_What the task requires_
The only acceptable output is every entry, printed exactly.

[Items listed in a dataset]
☆ ☆ ☆ ☆

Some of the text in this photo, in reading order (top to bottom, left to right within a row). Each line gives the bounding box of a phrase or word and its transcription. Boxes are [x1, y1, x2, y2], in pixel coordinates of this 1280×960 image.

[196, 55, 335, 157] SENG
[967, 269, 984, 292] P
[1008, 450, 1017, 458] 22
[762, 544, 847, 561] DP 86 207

☆ ☆ ☆ ☆

_Final answer_
Some of the text in this photo, in reading order (top to bottom, left to right within a row). Each line gives the bounding box of a phrase or word and its transcription. Boxes are [x1, y1, x2, y2], in pixel coordinates of this 1280×960 image.

[196, 55, 335, 157] SENG
[967, 269, 984, 292] P
[1008, 450, 1017, 458] 22
[762, 544, 847, 561] DP 86 207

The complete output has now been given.